La hoguera crepita ruidosa, rompiendo la
quietud de la noche y acentuando la sensación de oscuridad, cuando la última
pieza cae sobre las abrasadoras llamas. Me quedo hipnotizado observando como
los diferentes componentes de la placa base se funden emitiendo un último y
agónico chirrido metálico que obliga al silencio de la noche a devolver una y
otra vez un eco macabro.
El amanecer desvanece de nuevo la noche,
ahuyentando momentáneamente el mal que ha invadido este plano existencial, y
recordándonos que la delgada línea que separa este mundo terrenal de esos otros
mundos oscuros y tenebrosos es mucho más delgada de lo que solemos imaginar.

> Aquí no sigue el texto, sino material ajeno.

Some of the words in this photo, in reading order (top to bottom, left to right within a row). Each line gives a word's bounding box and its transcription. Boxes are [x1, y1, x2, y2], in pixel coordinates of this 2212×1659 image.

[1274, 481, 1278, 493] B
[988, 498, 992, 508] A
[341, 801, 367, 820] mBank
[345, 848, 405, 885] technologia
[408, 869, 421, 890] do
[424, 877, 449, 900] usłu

El día había sido realmente desastroso.
Mientras la prima de riesgo amenazaba con salirse del gráfico, hundiendo en el
abismo económico la confianza que el mundo mundial tiene en este país, estado,
nación o lo que sea que seamos, alejándonos cada vez más del paraíso terrenal
que el neoliberalismo intenta vendernos y que, desgraciadamente, al acercarnos
lo suficiente y lograr rozarlo con la punta de los dedos se desvanece cual
espejismo baldío y yermo, devolviéndonos de un golpe, o mejor dicho de un
tijeretazo, a la cruda y desoladora realidad de aquellos que persiguiendo una
quimera se ven hundidos en fango de la desesperación.
El día avanzaba lentamente. El calor estival
derretía el asfalto y acentuaba la desagradable sensación de vivir cada día más
cerca del infierno. O quizá no fuese una sensación, sino una realidad que
convertía al famoso Dante en un profeta, o aún peor, en un iluminado mesiánico.

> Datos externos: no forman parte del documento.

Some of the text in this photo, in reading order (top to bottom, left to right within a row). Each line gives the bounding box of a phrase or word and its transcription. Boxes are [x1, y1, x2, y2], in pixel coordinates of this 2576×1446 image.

La verdad es que daba igual, todo se estaba yendo al carajo a pasos
agigantados. El tan cacareado y tecnológico siglo XXI, con sus adelantos
científicos, sus comunicaciones instantáneas y su economía globalizada tenía
pinta de no poder resistir más allá del próximo telediario, y eso no era desde
luego un consuelo, era incluso hasta un poco desmotivador; vamos que a nadie se
le ocurre seguir pensando en cómo llegar a final de mes y alimentar a varios
churumbeles famélicos cuando el mundo a tu alrededor envía señales definitivas
de que, al siguiente paso que des, el suelo que debería sustentarte desaparece
bajo tus pies precipitándote en una caída sin fin hacia un destino atroz y
espantoso... Pero bueno, el espectáculo debe continuar y hay que seguir
currando para mantener la pantomima teatral en la que se ha convertido esta
sociedad de consumo, un mundo virtual sin pies ni cabeza, que al acelerar el
día a día nos impide pensar en la que se nos viene encima.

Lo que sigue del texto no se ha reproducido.